The Fake Out: a fake dating hockey romance (Vancouver Storm Book 2)
The Fake Out: a fake dating hockey romance: Chapter 40

I’M PLAYING WITH FIRE.

I needed to make sure it fit, I text like a dirty little liar, closing my eyes and leaning my forehead against the bed.

First, it was the photo the other night of him in front of the mirror, looking smug and ripped and fuckable. I thought about that picture all goddamned day. I thought about it when I woke up this morning, aching between my legs, at work when I was trying to focus, and this evening during his game.

This fake dating thing? I suck at it, and my one-time-only rule? This is pushing it.

I’m not breaking the rule, though. I’m bending it. A shirtless picture of him isn’t sex. Wearing pretty lingerie isn’t sex. It’s fine.

I pull up the photo he just sent.

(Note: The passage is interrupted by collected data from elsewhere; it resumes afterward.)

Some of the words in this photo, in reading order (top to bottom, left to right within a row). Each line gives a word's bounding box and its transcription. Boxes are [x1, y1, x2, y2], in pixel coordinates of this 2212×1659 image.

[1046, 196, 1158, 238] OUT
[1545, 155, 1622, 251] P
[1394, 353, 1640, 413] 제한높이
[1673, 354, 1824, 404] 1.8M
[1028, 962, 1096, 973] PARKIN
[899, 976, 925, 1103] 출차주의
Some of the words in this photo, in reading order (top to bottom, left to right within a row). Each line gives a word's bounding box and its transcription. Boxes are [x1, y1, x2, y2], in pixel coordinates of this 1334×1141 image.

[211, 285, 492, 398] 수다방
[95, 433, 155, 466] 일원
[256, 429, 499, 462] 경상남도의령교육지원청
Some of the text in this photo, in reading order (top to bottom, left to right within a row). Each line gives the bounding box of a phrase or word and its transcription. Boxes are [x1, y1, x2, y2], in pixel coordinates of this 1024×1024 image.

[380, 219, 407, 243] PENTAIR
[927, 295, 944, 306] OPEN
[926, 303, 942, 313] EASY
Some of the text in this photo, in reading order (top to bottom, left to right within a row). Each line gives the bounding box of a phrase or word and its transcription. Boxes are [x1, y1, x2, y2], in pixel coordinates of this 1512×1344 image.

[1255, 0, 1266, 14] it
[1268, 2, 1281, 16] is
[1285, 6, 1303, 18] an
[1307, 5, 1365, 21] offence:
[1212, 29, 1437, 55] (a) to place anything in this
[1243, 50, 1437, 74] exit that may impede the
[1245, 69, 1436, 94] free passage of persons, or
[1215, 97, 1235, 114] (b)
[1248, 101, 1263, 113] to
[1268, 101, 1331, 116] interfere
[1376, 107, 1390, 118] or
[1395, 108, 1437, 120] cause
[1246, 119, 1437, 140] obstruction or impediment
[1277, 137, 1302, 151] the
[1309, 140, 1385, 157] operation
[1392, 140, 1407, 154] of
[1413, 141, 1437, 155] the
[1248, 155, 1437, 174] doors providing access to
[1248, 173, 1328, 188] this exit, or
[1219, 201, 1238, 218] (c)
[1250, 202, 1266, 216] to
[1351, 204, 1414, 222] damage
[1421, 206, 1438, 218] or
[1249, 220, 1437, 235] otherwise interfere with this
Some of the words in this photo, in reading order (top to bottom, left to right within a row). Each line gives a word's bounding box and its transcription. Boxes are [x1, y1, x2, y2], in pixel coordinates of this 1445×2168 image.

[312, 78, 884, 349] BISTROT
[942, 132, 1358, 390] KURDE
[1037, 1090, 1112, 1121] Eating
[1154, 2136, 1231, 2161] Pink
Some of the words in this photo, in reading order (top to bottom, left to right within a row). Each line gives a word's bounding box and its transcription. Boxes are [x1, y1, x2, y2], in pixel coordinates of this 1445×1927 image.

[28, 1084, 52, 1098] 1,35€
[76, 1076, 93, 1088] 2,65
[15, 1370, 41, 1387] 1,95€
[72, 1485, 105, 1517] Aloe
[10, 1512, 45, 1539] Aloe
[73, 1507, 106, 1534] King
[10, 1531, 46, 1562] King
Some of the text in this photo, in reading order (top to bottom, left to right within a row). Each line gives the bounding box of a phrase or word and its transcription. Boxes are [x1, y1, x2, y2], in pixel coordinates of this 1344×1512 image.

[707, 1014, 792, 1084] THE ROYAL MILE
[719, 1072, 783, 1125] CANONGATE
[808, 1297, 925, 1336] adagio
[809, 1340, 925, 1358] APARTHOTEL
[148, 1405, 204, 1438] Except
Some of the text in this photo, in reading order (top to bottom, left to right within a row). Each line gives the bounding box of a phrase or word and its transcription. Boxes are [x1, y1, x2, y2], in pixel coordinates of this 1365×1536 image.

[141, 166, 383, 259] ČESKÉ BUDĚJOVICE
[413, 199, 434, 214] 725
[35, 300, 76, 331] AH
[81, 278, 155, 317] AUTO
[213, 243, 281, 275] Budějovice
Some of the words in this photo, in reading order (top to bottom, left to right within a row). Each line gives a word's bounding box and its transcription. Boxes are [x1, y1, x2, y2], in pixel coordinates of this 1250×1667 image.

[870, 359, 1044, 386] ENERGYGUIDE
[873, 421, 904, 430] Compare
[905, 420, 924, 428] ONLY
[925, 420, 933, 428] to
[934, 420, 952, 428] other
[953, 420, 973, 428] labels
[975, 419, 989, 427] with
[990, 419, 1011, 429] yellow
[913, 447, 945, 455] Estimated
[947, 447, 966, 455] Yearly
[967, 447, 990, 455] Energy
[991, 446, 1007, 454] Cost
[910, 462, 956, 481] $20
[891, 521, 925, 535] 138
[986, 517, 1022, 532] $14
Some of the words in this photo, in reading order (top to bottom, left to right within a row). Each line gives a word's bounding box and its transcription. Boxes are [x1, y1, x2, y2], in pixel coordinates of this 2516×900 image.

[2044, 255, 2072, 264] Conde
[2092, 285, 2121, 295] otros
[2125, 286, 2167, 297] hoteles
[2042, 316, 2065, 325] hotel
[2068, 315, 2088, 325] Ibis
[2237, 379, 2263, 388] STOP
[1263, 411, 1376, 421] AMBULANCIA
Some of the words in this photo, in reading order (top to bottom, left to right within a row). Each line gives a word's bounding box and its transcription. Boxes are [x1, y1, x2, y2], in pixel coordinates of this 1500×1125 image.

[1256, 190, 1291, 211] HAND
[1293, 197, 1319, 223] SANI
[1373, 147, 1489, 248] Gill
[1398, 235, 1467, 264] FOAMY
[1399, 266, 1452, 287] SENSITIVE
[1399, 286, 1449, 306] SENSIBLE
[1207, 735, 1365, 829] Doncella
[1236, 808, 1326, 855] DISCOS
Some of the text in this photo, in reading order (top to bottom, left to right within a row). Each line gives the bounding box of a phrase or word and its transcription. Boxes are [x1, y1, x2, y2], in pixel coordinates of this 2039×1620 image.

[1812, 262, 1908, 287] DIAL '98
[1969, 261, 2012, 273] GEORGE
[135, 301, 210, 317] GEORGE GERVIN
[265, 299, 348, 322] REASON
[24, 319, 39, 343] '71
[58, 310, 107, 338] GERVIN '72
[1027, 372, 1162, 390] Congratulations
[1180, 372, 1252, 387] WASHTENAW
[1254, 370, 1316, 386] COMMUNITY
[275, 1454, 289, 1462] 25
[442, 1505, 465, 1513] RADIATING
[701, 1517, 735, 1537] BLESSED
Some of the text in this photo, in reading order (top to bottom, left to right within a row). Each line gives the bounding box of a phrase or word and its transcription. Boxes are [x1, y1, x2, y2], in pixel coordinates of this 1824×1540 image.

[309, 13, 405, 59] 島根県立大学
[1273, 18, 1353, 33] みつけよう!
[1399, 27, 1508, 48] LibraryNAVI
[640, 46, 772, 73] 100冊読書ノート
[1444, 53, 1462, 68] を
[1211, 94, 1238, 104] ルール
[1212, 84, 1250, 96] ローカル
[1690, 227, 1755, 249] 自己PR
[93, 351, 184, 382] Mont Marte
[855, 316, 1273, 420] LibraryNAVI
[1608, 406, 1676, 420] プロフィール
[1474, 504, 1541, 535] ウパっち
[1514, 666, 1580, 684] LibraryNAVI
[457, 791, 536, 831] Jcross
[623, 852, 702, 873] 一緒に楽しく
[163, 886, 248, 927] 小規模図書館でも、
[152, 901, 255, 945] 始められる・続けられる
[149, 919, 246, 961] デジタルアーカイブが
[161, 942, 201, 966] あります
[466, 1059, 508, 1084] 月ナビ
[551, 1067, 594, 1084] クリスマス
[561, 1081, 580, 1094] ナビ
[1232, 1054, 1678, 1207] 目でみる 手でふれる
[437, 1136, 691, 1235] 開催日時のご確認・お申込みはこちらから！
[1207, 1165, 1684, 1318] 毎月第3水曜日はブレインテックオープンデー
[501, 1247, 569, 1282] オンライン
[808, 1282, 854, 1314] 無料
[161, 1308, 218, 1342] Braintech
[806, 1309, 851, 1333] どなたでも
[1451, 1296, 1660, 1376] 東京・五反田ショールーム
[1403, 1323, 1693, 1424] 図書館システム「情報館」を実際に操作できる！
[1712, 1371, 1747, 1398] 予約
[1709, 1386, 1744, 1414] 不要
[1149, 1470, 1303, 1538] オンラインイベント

He must have taken it this morning, because in the picture, he’s lying in a hotel bed, hair messy and eyes sleepy. The morning light makes his eyes glow, and he smirks like he knows I’ve been thinking about him. The sheets are rumpled, and I can practically hear the groan he’d make stretching out against them.

Pictures like this, where he looks intensely hot? They’re dangerous. I can’t look at them, but I can’t look away, either. Deep inside me, it feels like a new version of myself is waking up.

And does it fit? he asks.

Yes.

Prove it.

My eyes go wide and a thrill shoots through me. He wants another? No way.

Why are you wearing it?

I already told you. Plus it’s pretty. And I feel hot in it.

It’s not just that, though. I miss him. When I wear the stuff he selected, I feel closer to Rory.

I don’t know what to do about that, and I don’t know how it fits into this fake dating thing we’re doing or the one-time-only rule I have for myself.

Please, Hartley. Please send a picture. I’m begging here. Show me.

My breath catches, turning ragged, and heat spreads up my chest and neck. I’m quickly losing control of this situation, but the desperation in his texts melts my resolve.

A photo isn’t fucking. I’m still in control. We’re just playing around.

I let out a delirious laugh. I can’t believe I’m about to do this. I pull my sweater off and lie down on the bed, heart pounding as I open my camera app and lift the phone.

The photo doesn’t even show my face, just my shoulder, the top of my cleavage, and my hair spread across the pillow, but still, it’s the sexiest picture I’ve ever taken. Hesitation rises in me, but I picture Rory’s expression when he sees the photo—a slack jaw, pupils blown wide—and I send it.

His text appears immediately. Jesus Christ, Hartley.

I bury my burning face in the pillow, smiling.

The next evening, I receive another photo.

He’s shirtless in the mirror, clad in just those tight black boxer briefs. My eyes linger on the sharp V cuts above his hips, the trickle of hair into the waistband, and the toned flex of his arms. He’s smirking like he knows how hot he is.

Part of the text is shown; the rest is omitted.